ダイニングテーブルには、朝食のハムエッグとサラダが置かれていた。
『遅刻しないでね。埼玉で10時から合唱団の伴奏なので、もう出ます』
フリーのピアニストなんて、そんなに儲かるものではない。多岐絵は逸彦の腕の中でよくそんな溜息をつく。彼女は大学を出てからずっと一人暮らしで、週三日の音楽教室の講師としての収入をベースに、今は7つだか8つだかの合唱団の伴奏を引き受けている。初めはピンチヒッターとして依頼され、その時に正伴奏者を完全にノックアウトするくらいの勢いで仕事を完璧にしてのけ、その座を奪ってきたのだとか。弾くだけでなく、歌や肉体構造などにも詳しく、雑学も相当なものだ。これはもう、ピアニストという名の職人でしかない。大体が後ろ盾もなく、学生時代から先輩達の演奏会を手伝ったりと、鞄持ちのような事をして名前を売り、その引き上げによって仕事を開拓するなど、組織にどっぷり浸かる逸彦には想像もつかない。やる気、元気、根気……どれも逸彦が苦手なものばかりだ。
「プロだな、多岐絵は」
そう囁くと、決まって多岐絵は布団を目深に被ってしまうのだ。仕事の時は誰より逞しい顔をして堂々と振る舞うくせに、逸彦の前では交際慣れしていない小娘の様な無邪気な顔を見せる。可愛いのだ、年上なのだが。

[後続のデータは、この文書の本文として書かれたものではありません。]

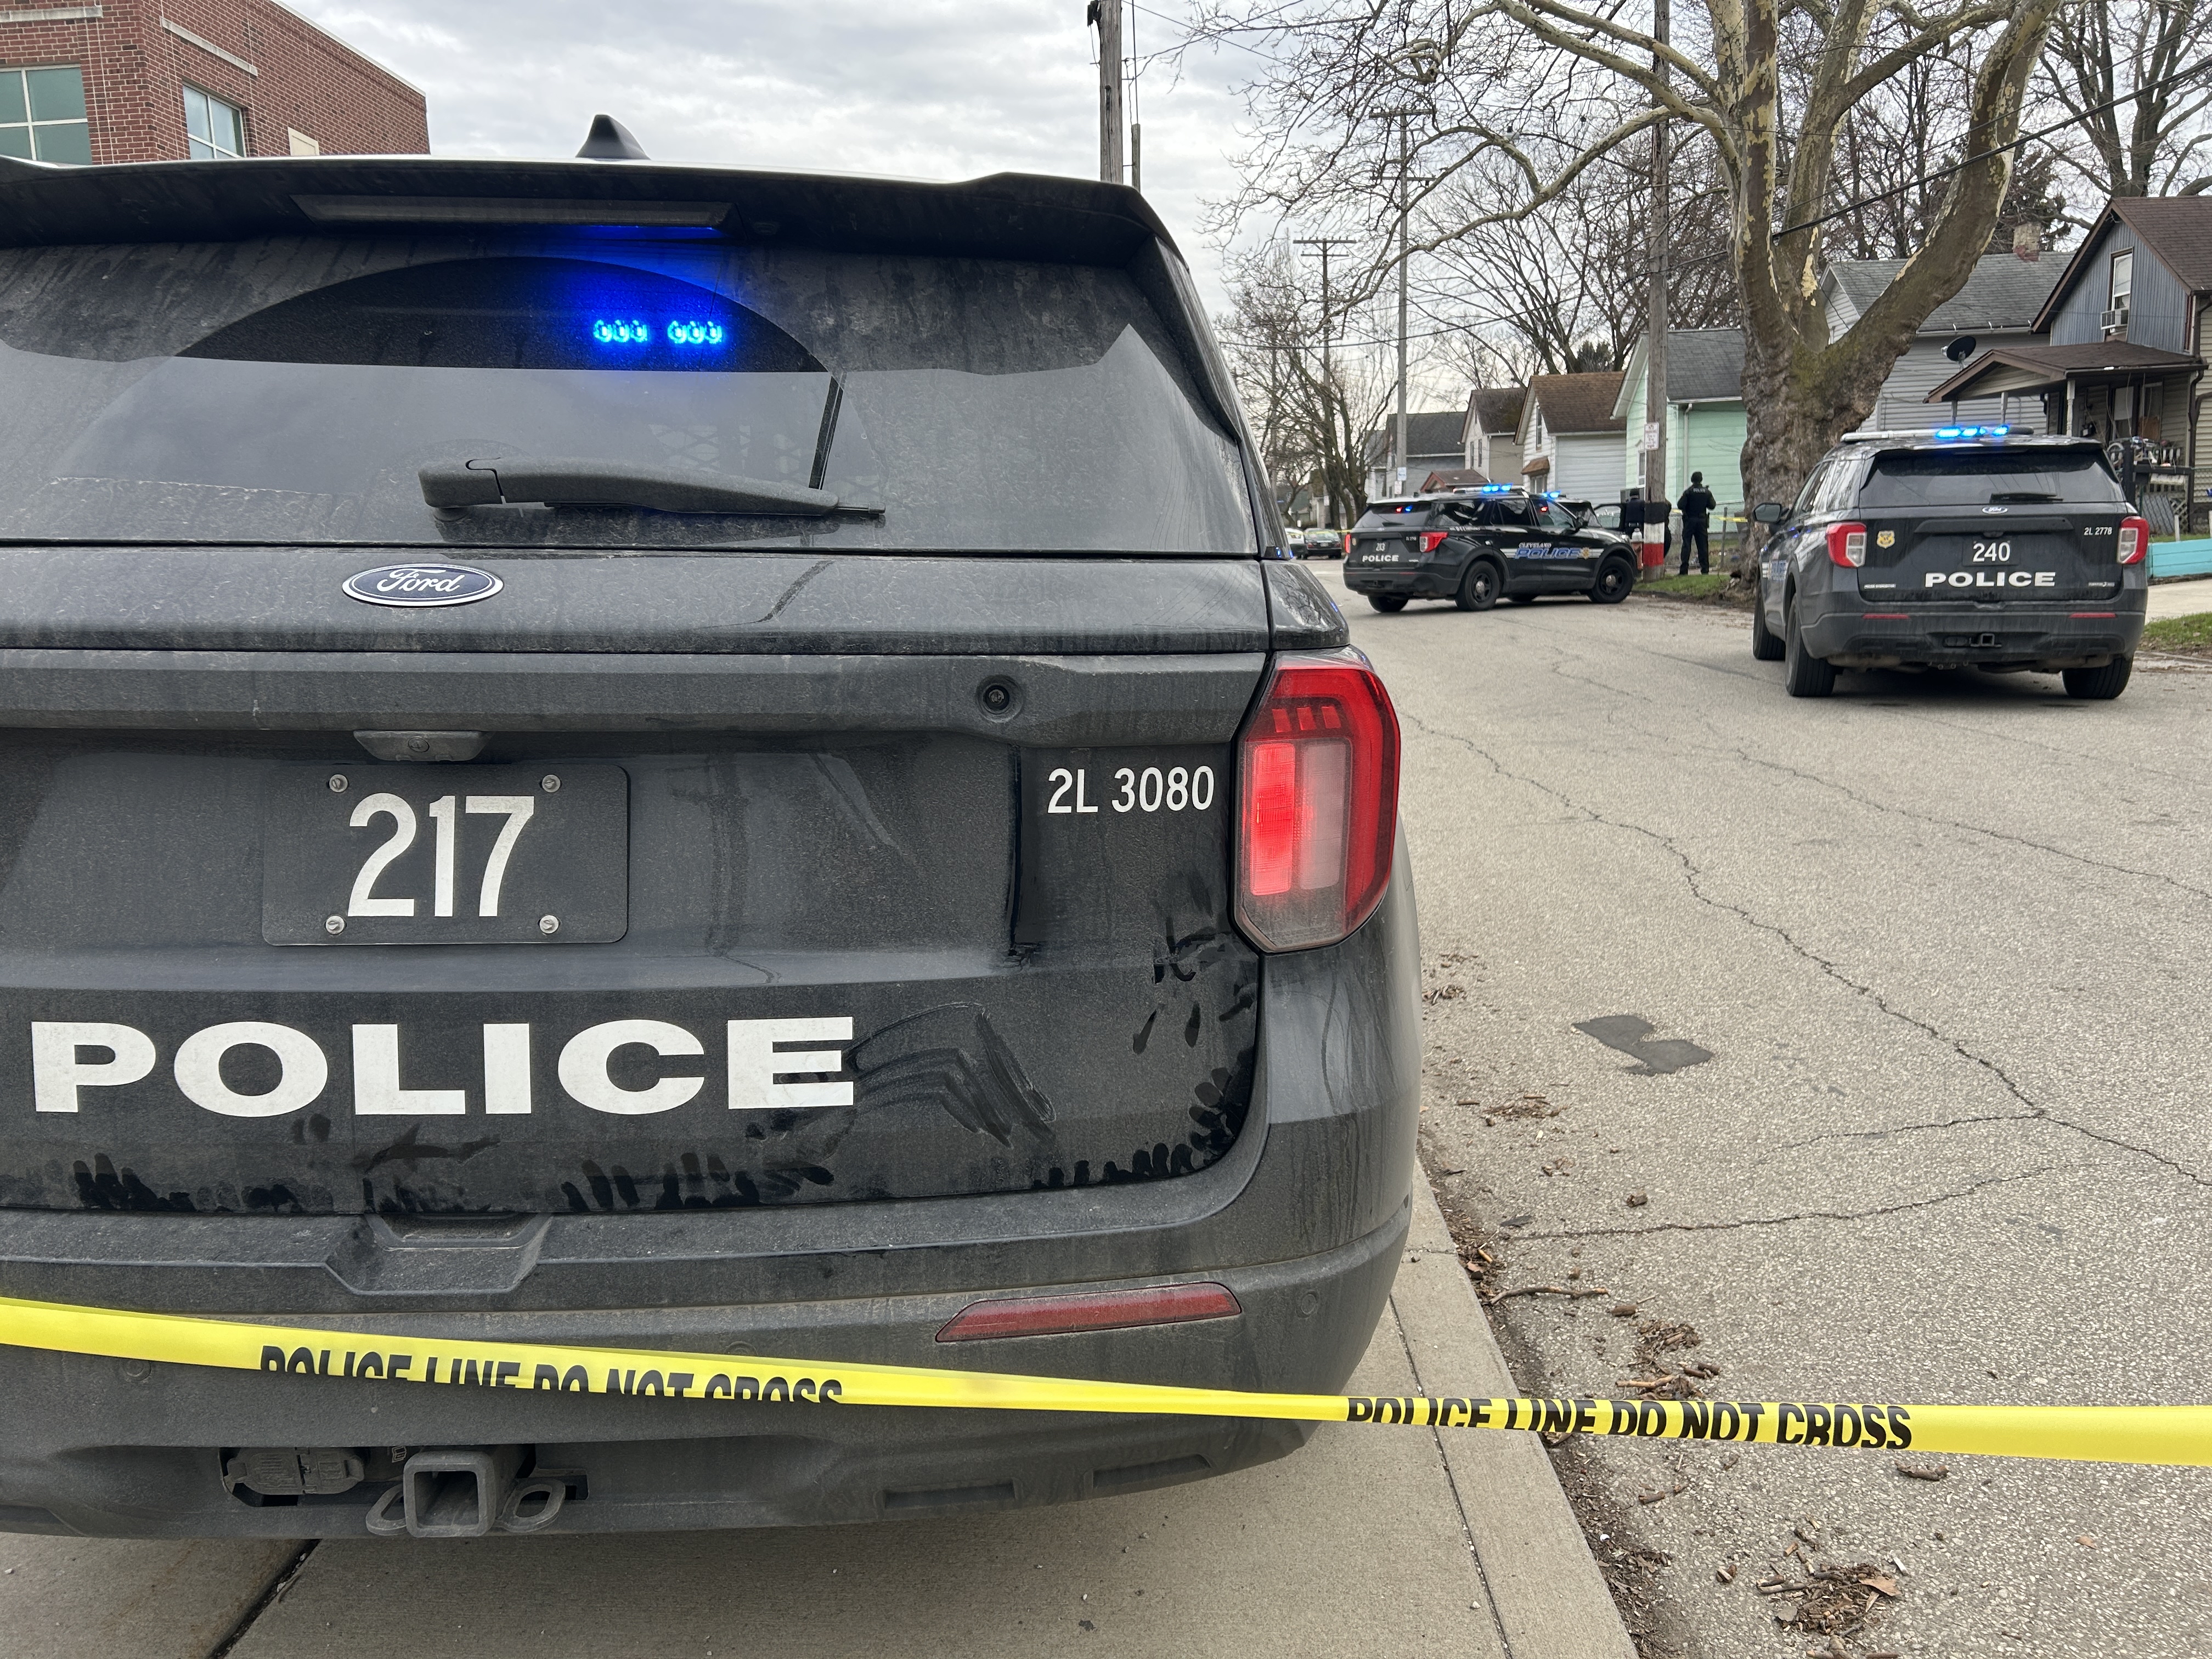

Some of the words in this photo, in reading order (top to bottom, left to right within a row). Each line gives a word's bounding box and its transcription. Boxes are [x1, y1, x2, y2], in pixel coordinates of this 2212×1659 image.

しかしそんな、彼女曰く『ヤクザな浮草稼業』にも終止符が打たれる。ここにきて幼児教育科の大学のピアノ講師の話が決まり、晴れて大学の先生になれるのだそうだ。
普通のサラリーマン家庭に育った多岐絵だが、生き方は逸彦などより遥かに逞しい。逞しいが、やはりきちんと育った躾の良さは隠しきれない。そして何より多岐絵は、渇望がない。自分に対して厳しいだけで、伴奏者の座とて手段を選ばぬほど渇望したわけではない。誠心誠意努めて、チャンスをものにしたに過ぎないのだ。
この国1番の安定職にある逸彦は、渇望感が心の底に眠っているのをいつも感じていながら気付かぬふりをしていると言うのに。